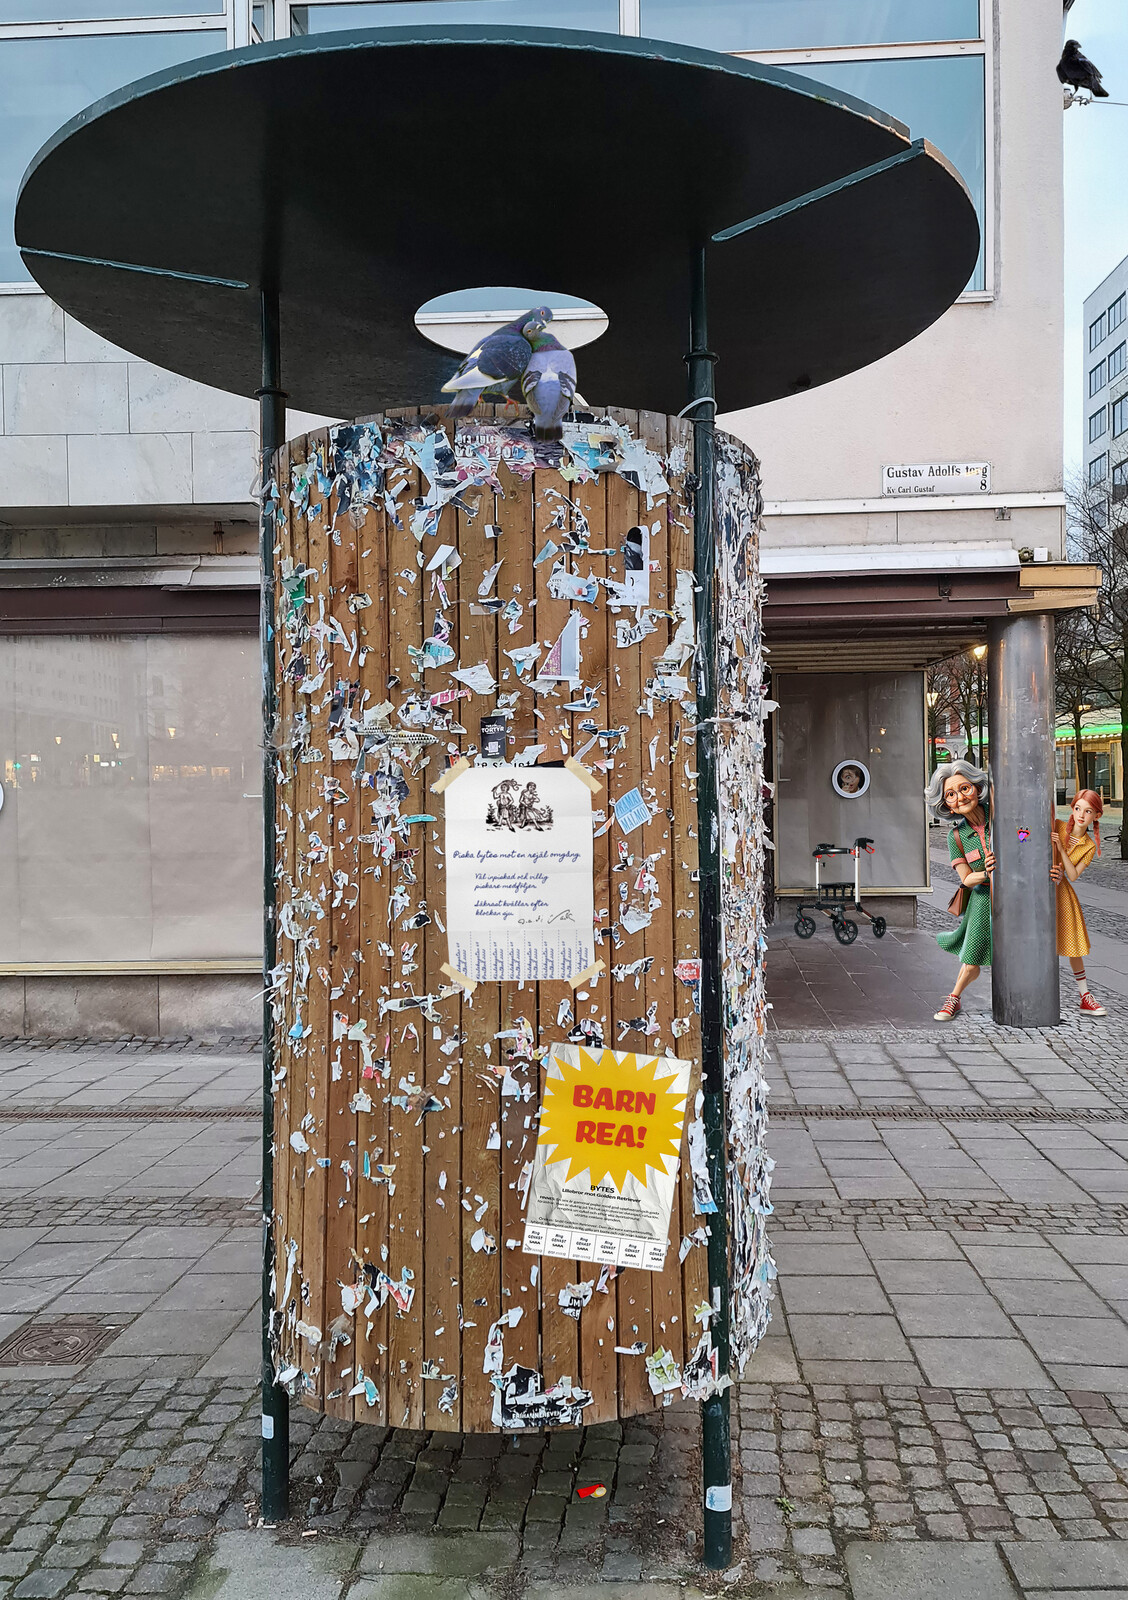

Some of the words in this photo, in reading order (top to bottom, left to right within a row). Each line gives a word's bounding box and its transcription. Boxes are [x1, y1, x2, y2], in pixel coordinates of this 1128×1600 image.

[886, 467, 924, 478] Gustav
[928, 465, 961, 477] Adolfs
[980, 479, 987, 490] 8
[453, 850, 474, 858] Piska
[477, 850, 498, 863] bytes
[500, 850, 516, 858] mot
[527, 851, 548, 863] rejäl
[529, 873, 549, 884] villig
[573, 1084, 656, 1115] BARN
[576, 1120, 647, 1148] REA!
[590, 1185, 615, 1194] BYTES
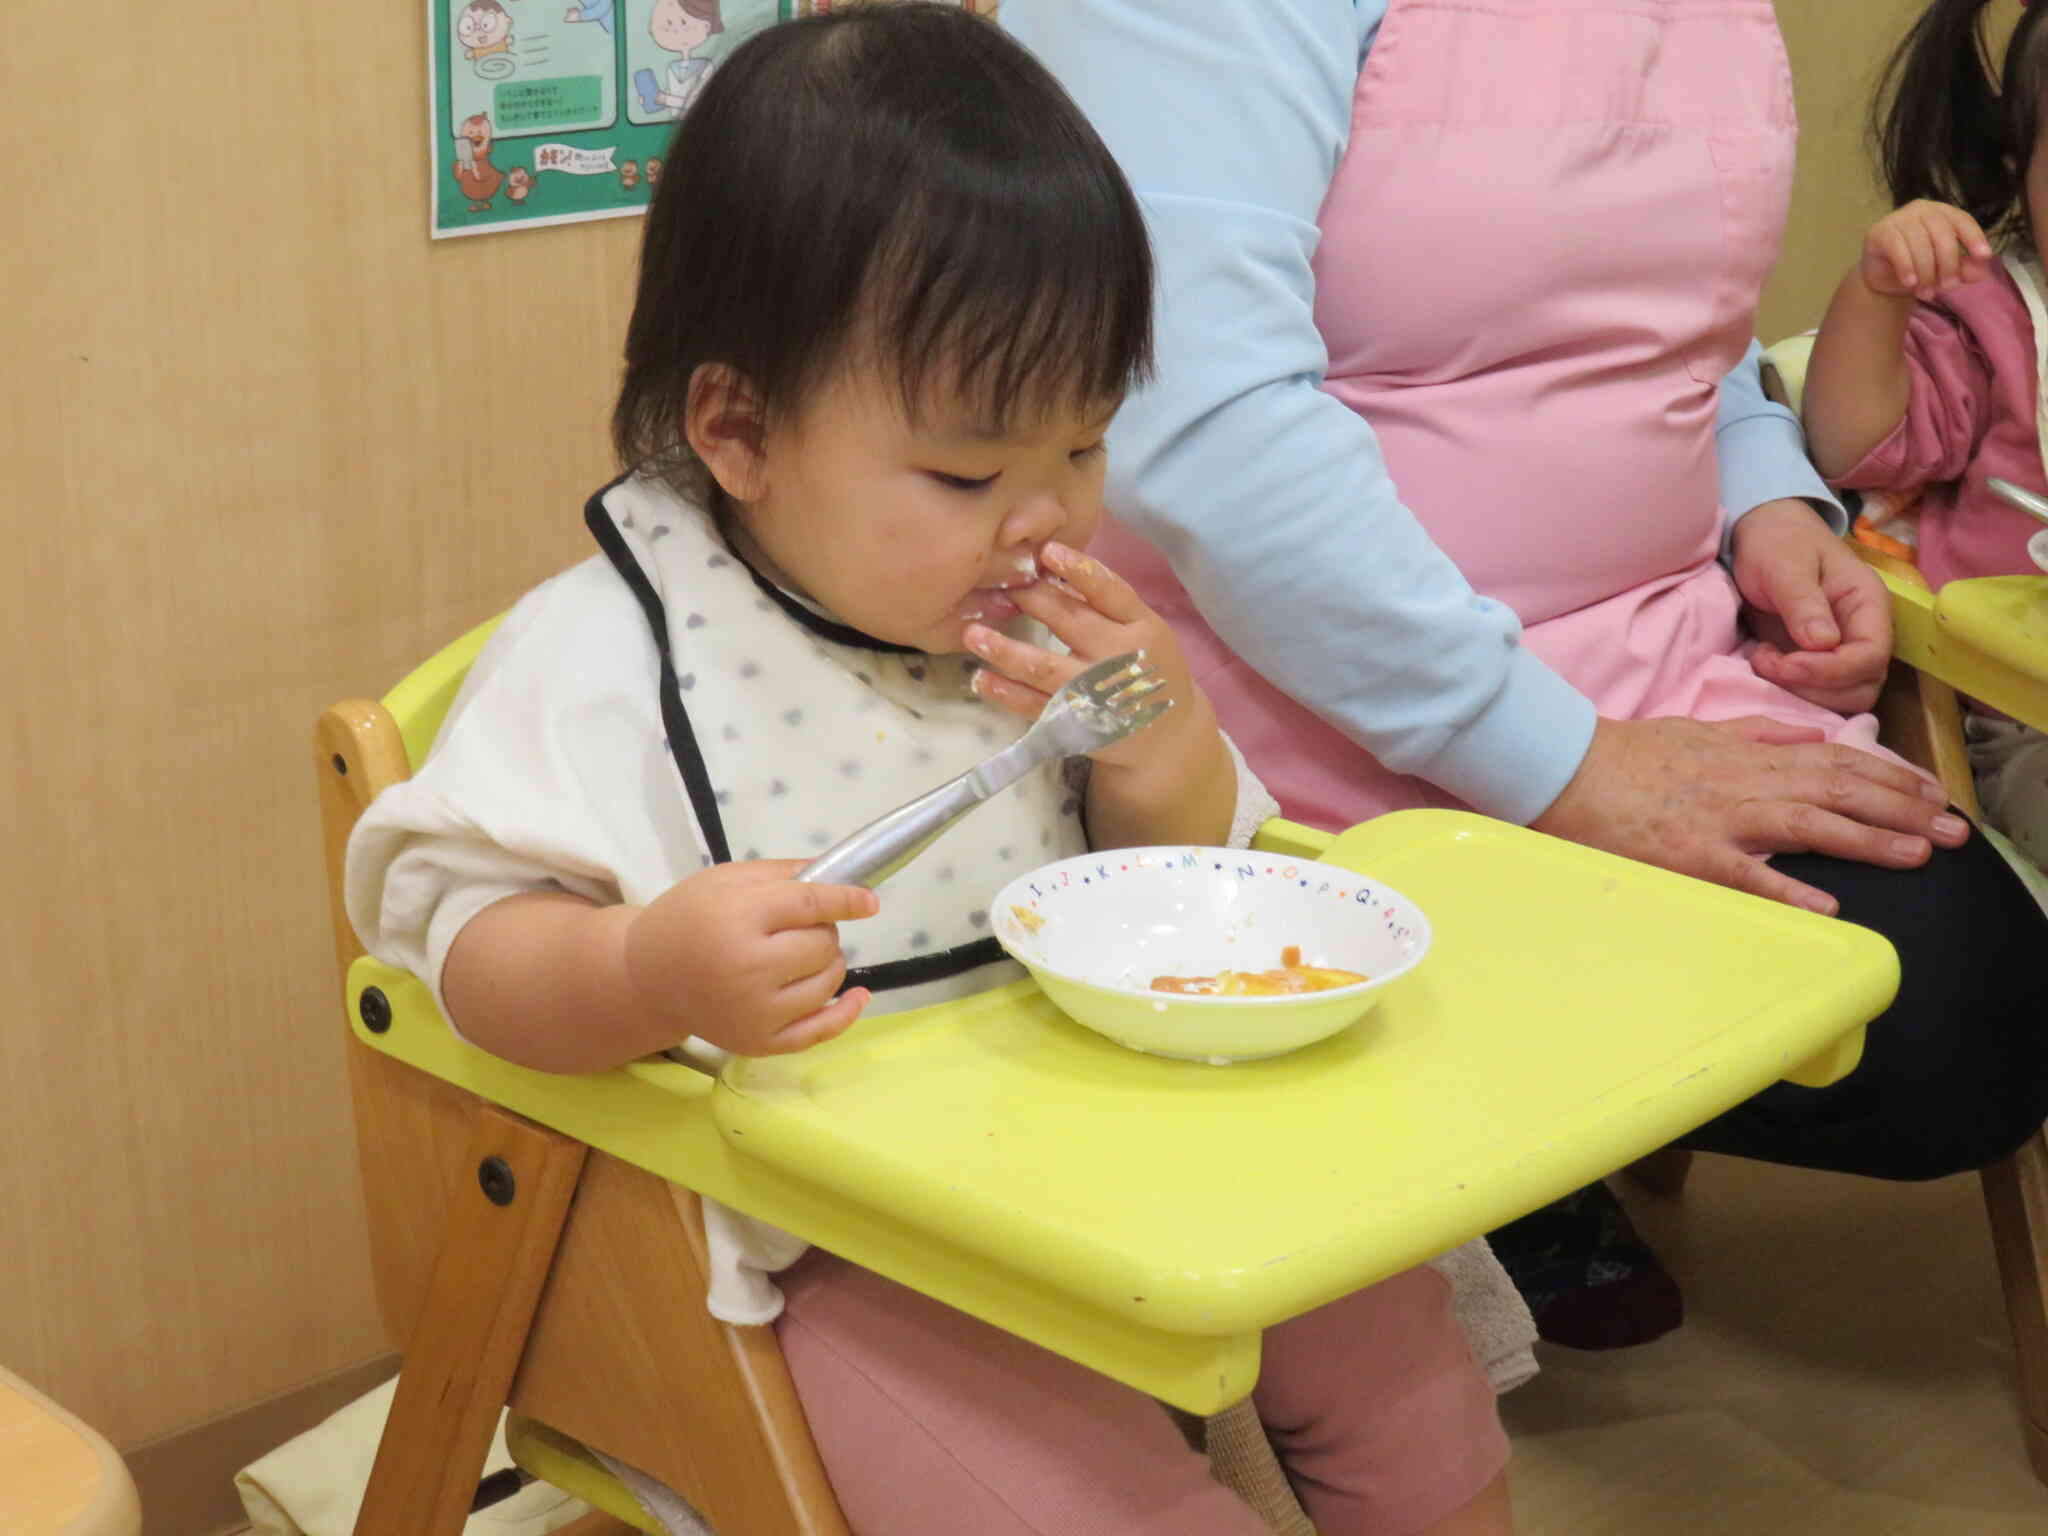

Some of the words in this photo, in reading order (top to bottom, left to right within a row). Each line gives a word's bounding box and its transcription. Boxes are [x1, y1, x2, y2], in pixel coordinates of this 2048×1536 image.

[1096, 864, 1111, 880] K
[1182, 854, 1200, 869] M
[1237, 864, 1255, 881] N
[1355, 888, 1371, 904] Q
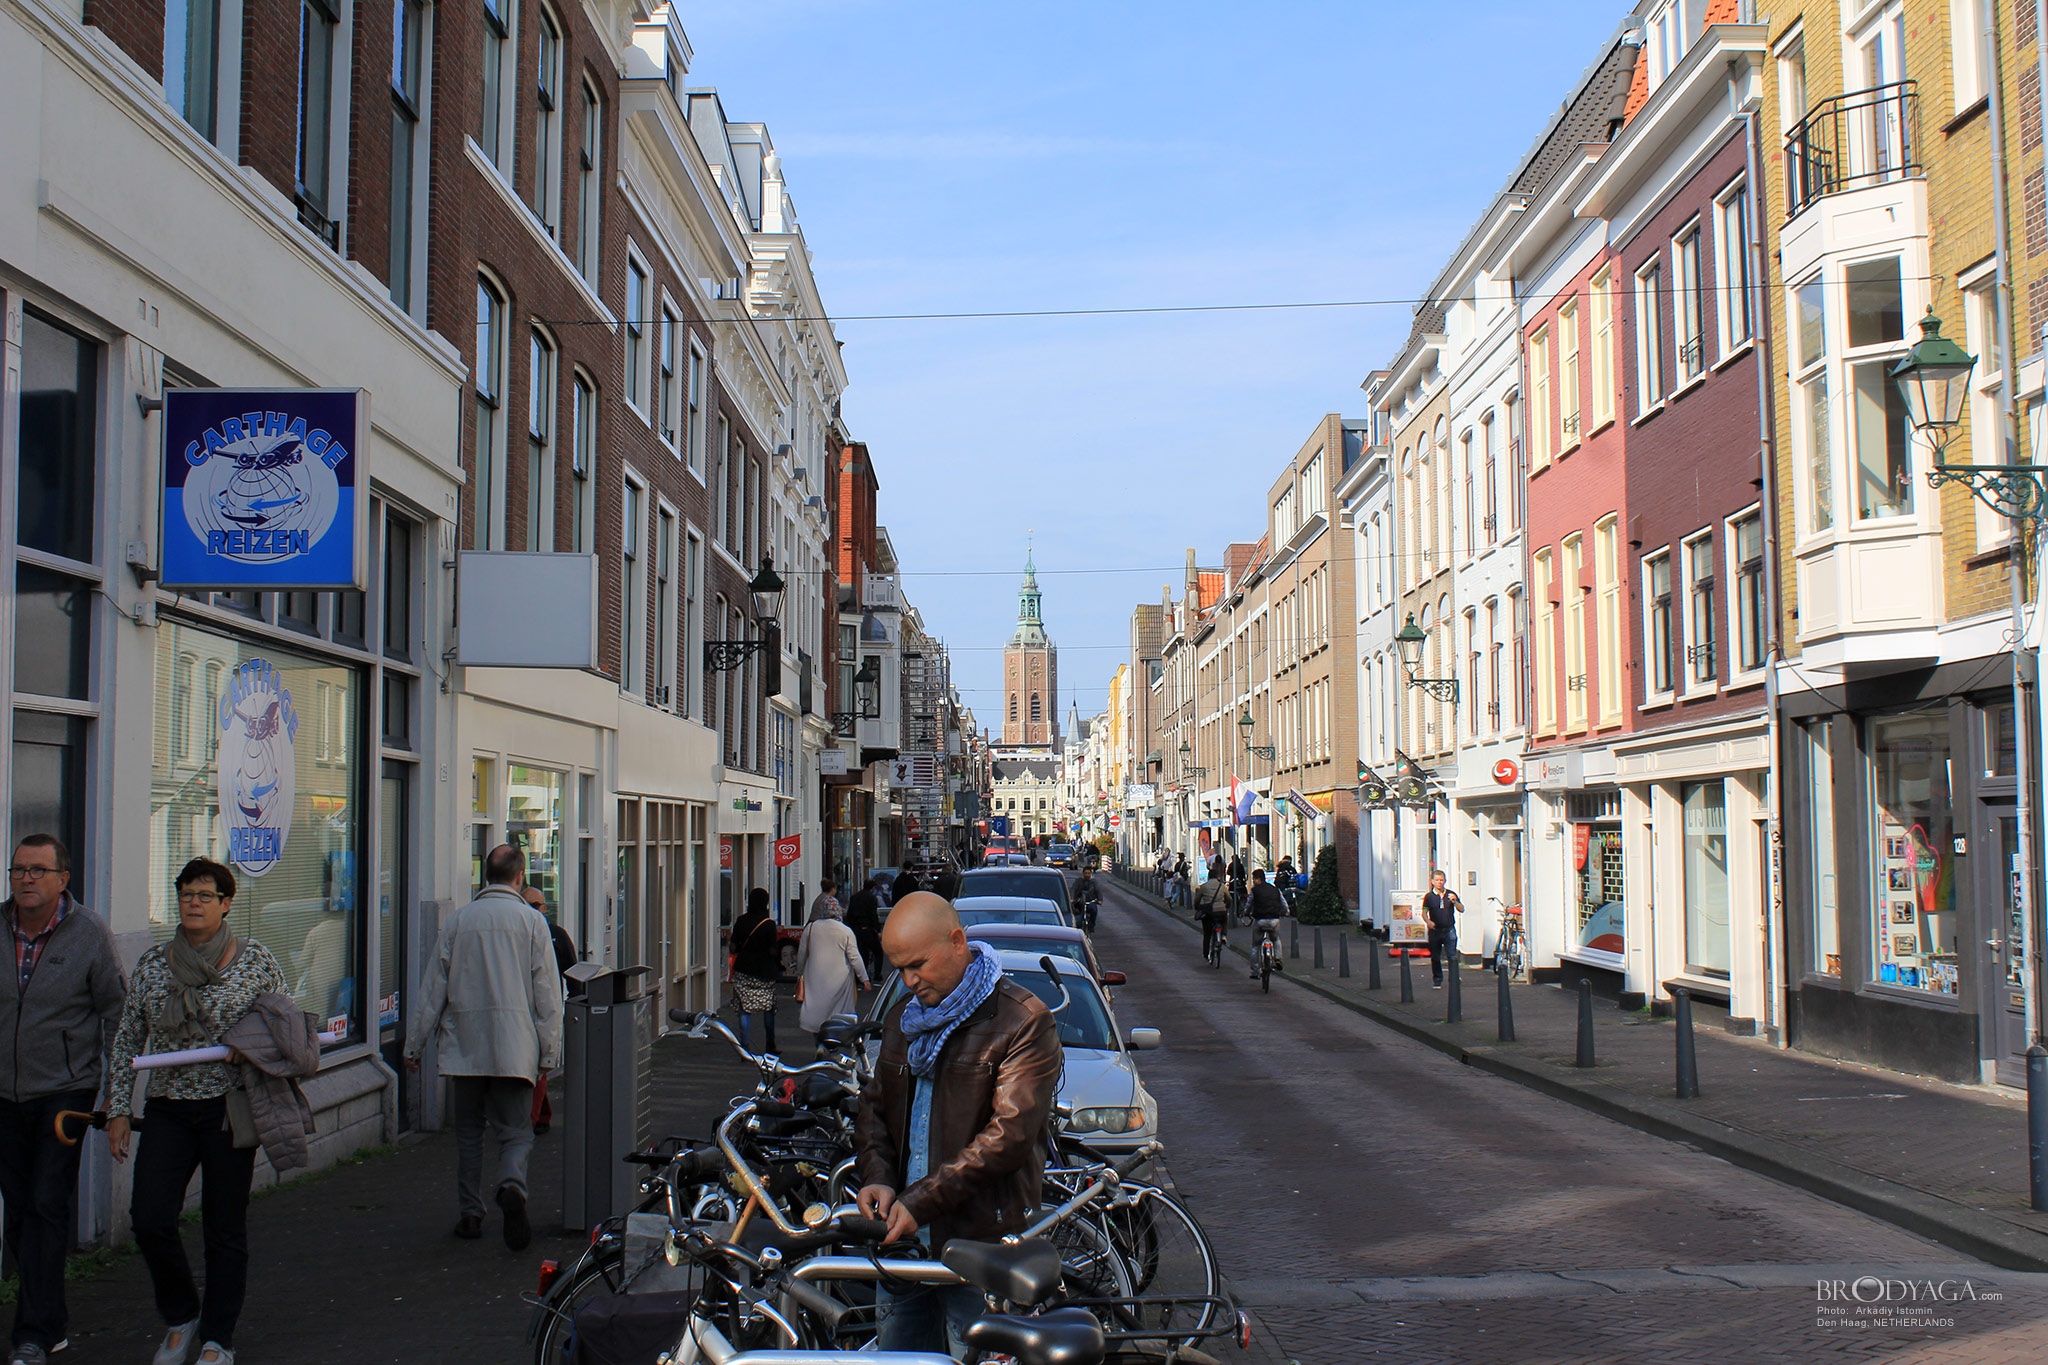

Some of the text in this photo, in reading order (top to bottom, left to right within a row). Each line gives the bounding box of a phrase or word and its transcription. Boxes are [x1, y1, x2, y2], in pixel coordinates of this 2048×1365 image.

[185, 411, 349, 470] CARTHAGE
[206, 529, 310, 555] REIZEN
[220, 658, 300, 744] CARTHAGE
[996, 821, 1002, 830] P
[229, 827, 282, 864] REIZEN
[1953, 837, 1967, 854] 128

> _Aim of the task_
Set the records down again exactly, and omit any picture in them.

> _Task response_
Some of the words in this photo, in reading order (top to bottom, left to right within a row). Each line gives a word's bounding box and its transcription. Boxes are [x1, y1, x2, y2], in pixel coordinates of this 1128×1600 image.

[886, 467, 924, 478] Gustav
[928, 465, 961, 477] Adolfs
[980, 479, 987, 490] 8
[453, 850, 474, 858] Piska
[477, 850, 498, 863] bytes
[500, 850, 516, 858] mot
[527, 851, 548, 863] rejäl
[529, 873, 549, 884] villig
[573, 1084, 656, 1115] BARN
[576, 1120, 647, 1148] REA!
[590, 1185, 615, 1194] BYTES

Some of the words in this photo, in reading order (top to bottom, left to right within a row). Each line gives a word's bounding box and its transcription. Boxes are [x1, y1, x2, y2], in pixel coordinates of this 2048×1536 image.

[1096, 864, 1111, 880] K
[1182, 854, 1200, 869] M
[1237, 864, 1255, 881] N
[1355, 888, 1371, 904] Q

Some of the text in this photo, in reading order (top to bottom, left to right within a row). Each line gives the bounding box of a phrase or word and its transcription. Boxes are [x1, y1, x2, y2], in pixel coordinates of this 2048×1365 image.

[185, 411, 349, 470] CARTHAGE
[206, 529, 310, 555] REIZEN
[220, 658, 300, 744] CARTHAGE
[996, 821, 1002, 830] P
[229, 827, 282, 864] REIZEN
[1953, 837, 1967, 854] 128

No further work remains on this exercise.